*** Input material ***
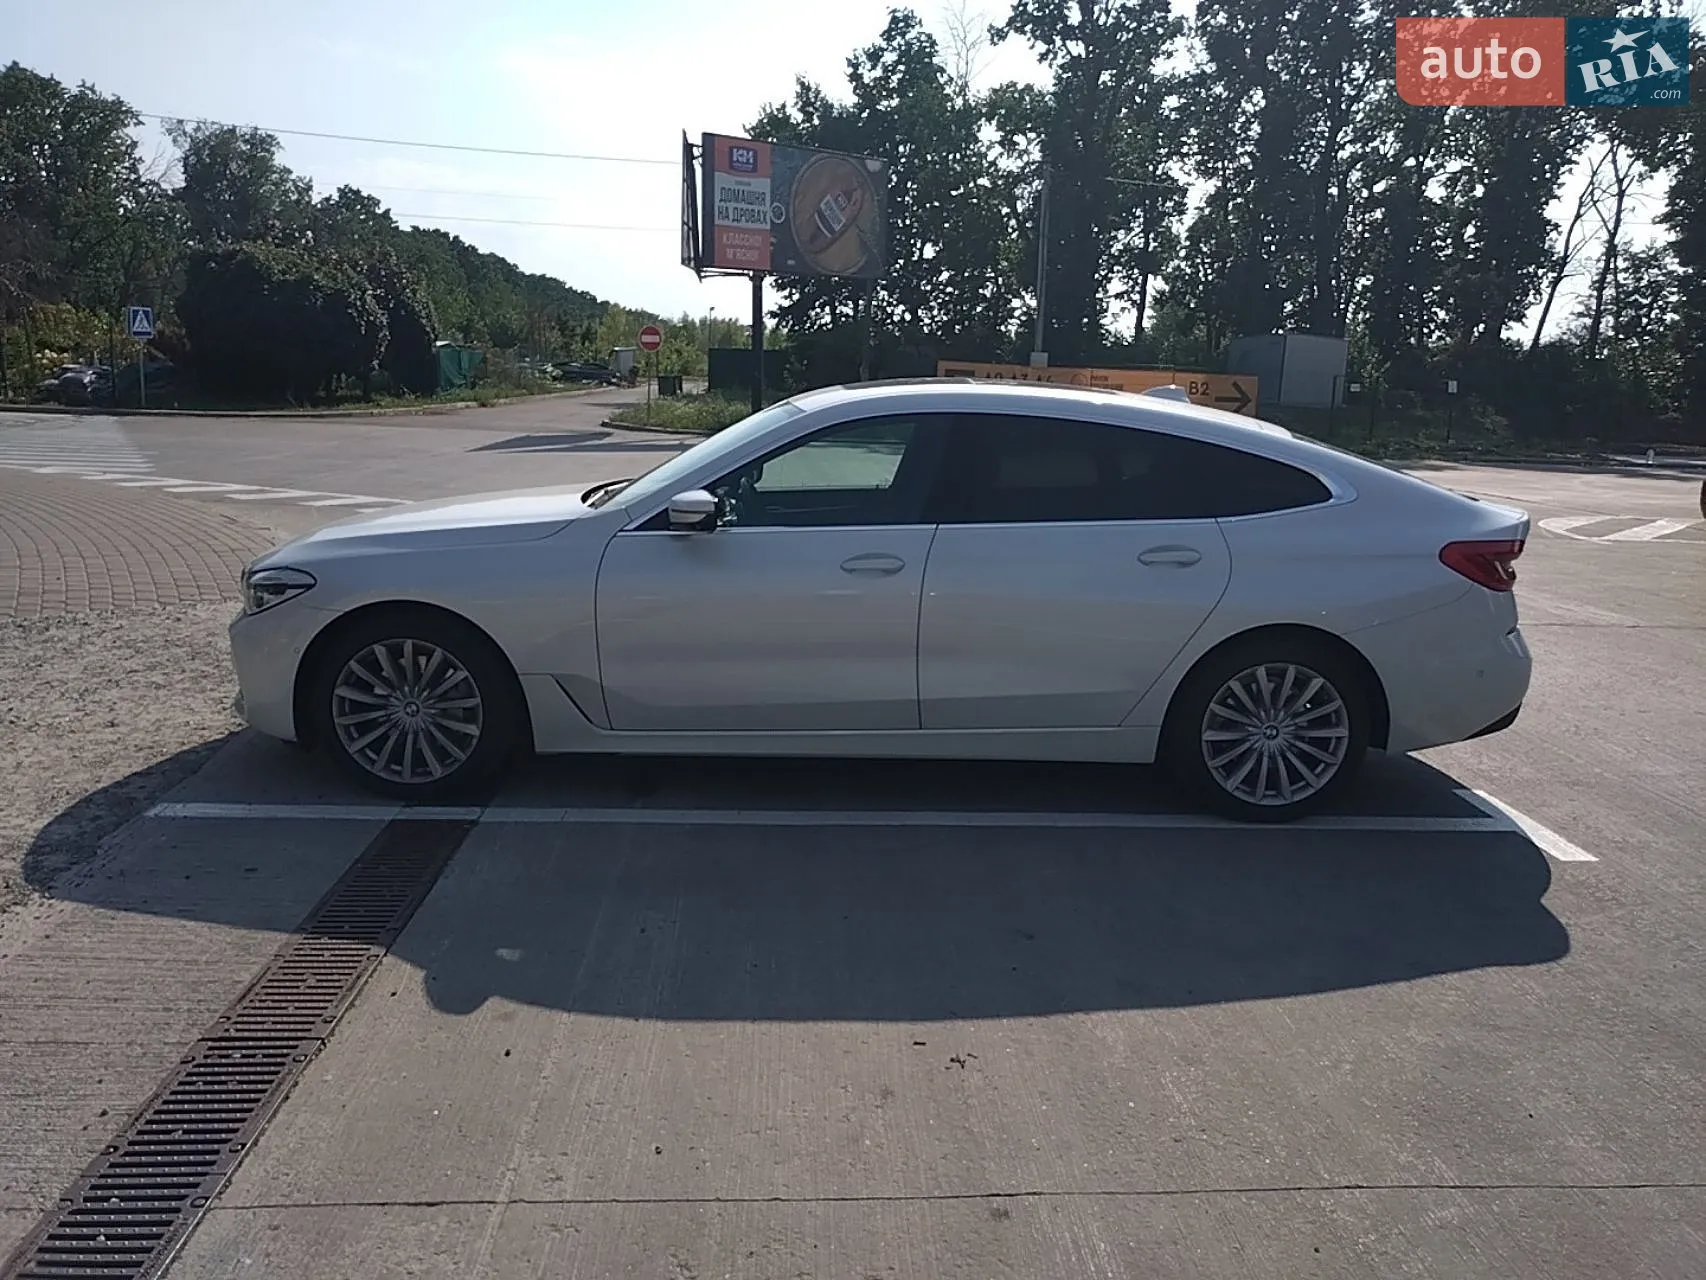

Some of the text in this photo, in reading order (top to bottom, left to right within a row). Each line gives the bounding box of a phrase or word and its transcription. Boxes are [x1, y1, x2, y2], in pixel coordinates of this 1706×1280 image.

[719, 186, 766, 207] ДОМАШНЯ
[717, 204, 767, 225] НА ДРОВАХ
[1189, 381, 1209, 396] B2
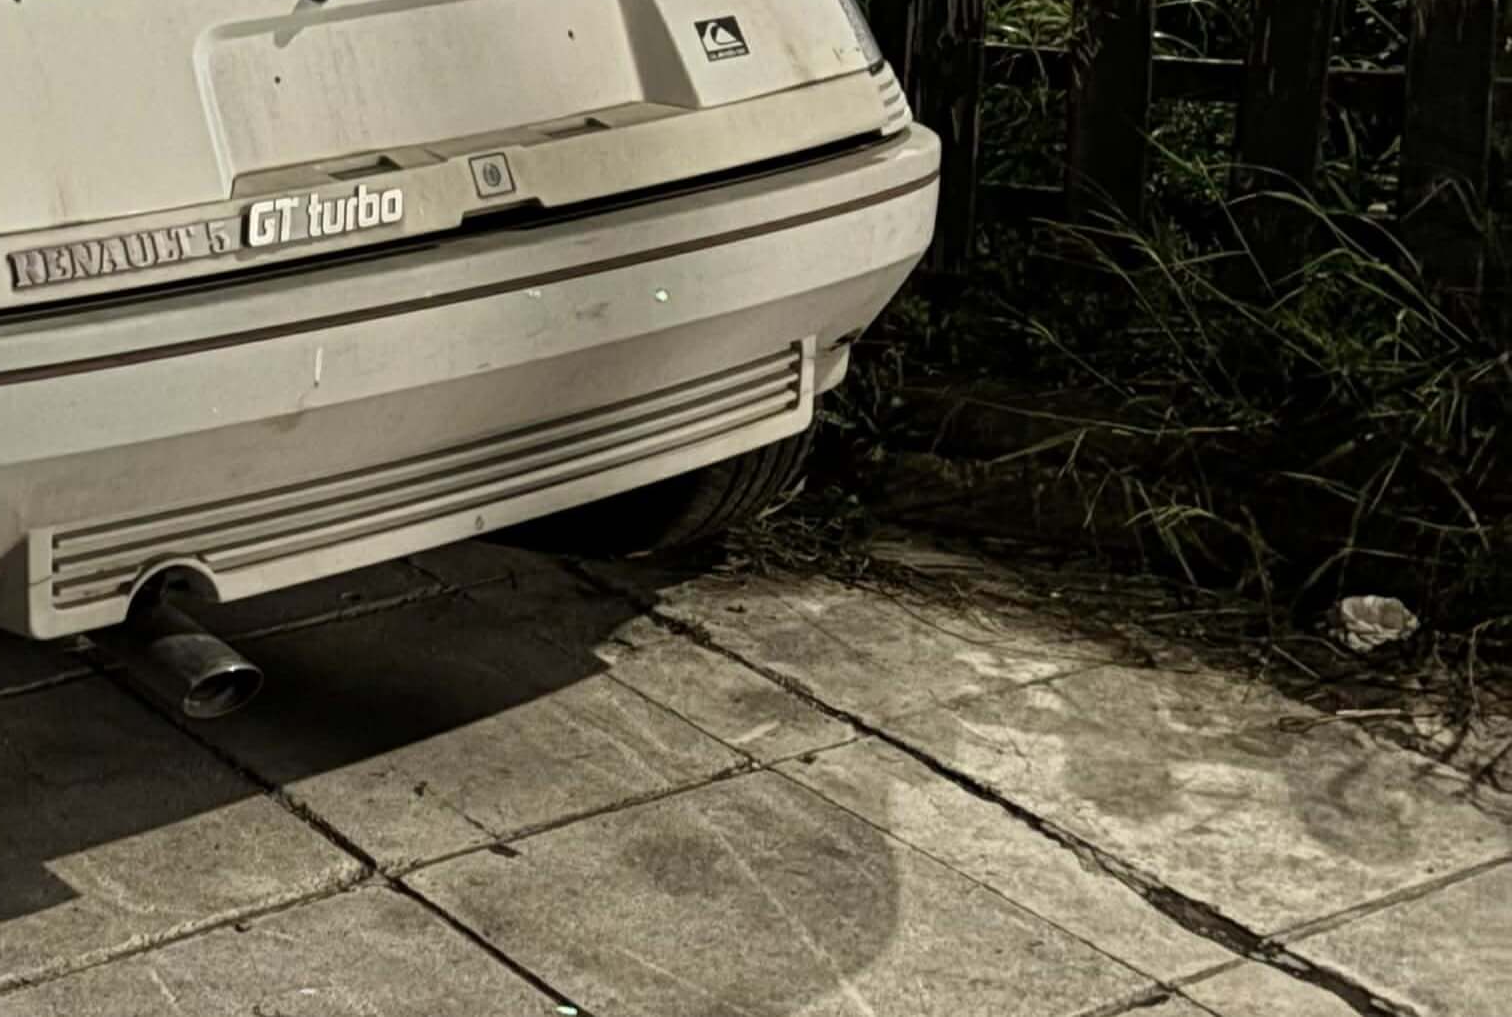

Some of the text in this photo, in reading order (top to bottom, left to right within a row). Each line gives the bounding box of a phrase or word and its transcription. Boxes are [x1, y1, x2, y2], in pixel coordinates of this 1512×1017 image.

[8, 185, 404, 288] RENAULT 5 GT turbo
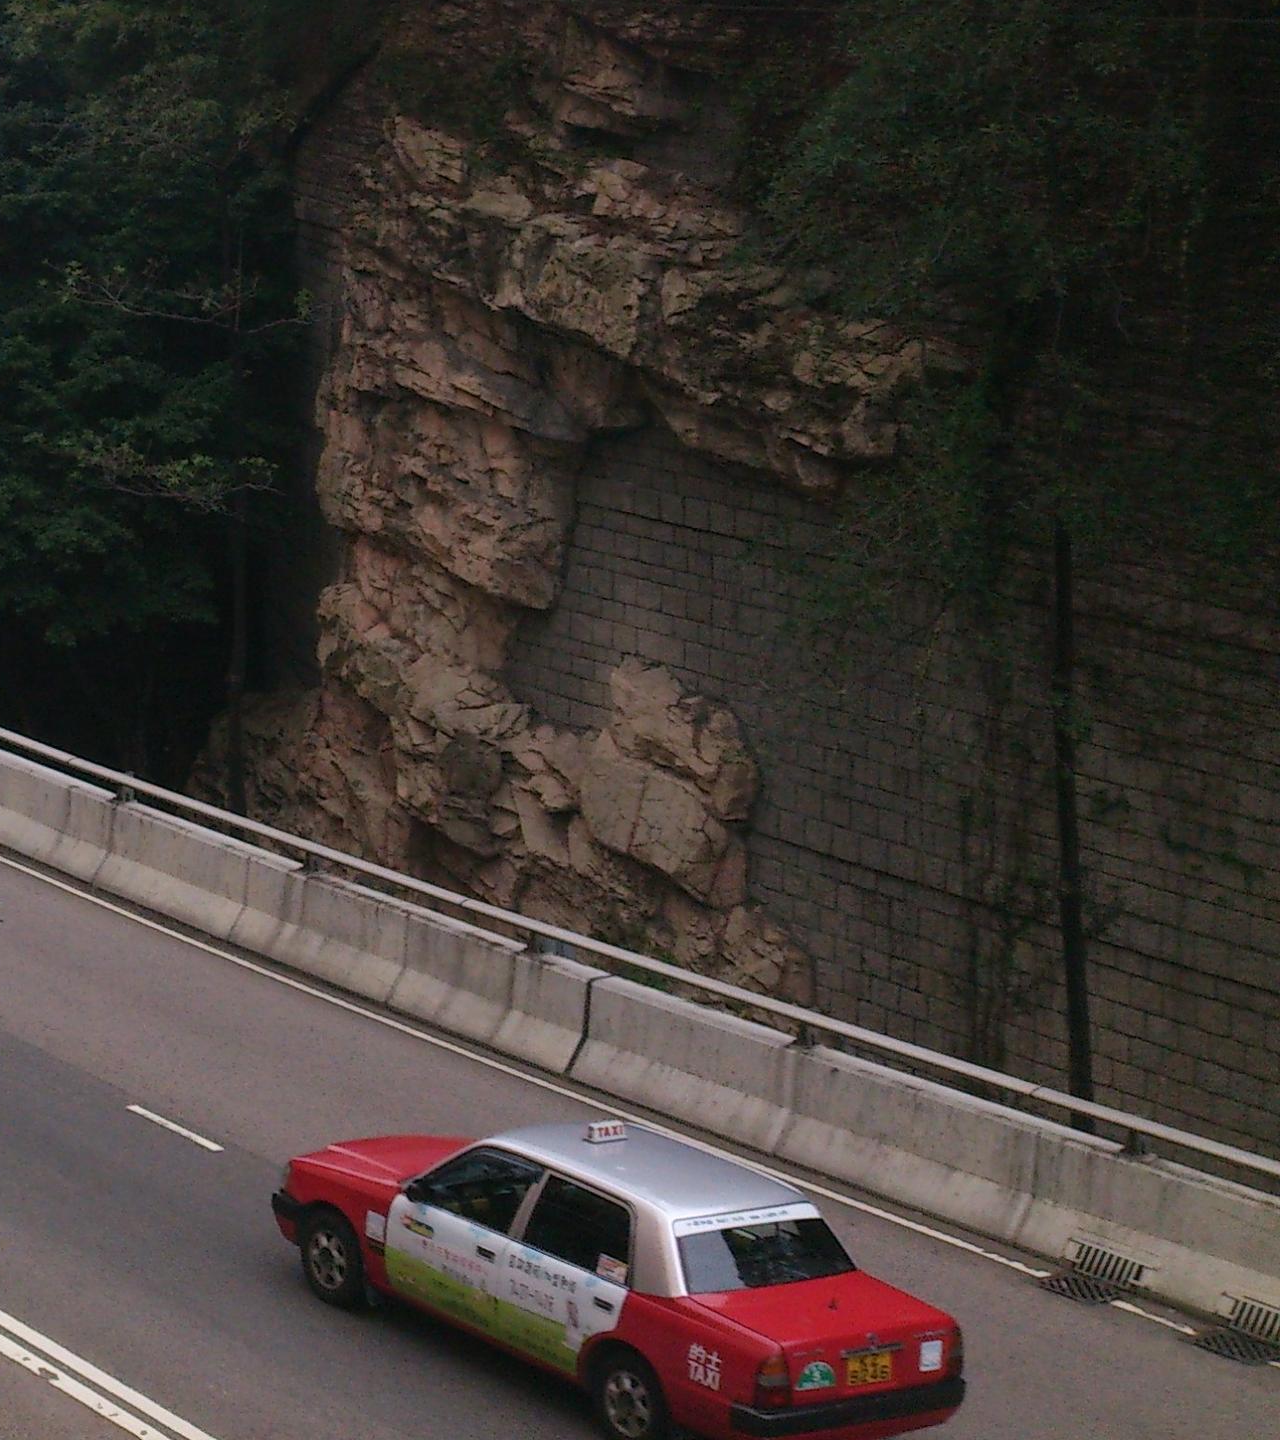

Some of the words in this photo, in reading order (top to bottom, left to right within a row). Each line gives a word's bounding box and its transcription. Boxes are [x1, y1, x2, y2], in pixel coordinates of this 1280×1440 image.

[597, 1125, 624, 1138] TAXI
[688, 1343, 722, 1372] 的士
[688, 1359, 721, 1391] TAXI
***
§ **Assigned task**:
Return exactly the run of lines that opens with the one containing "Some of the words" and closes with the last line of the records above.

§ **Response**:
Some of the words in this photo, in reading order (top to bottom, left to right within a row). Each line gives a word's bounding box and its transcription. Boxes are [x1, y1, x2, y2], in pixel coordinates of this 1280×1440 image.

[597, 1125, 624, 1138] TAXI
[688, 1343, 722, 1372] 的士
[688, 1359, 721, 1391] TAXI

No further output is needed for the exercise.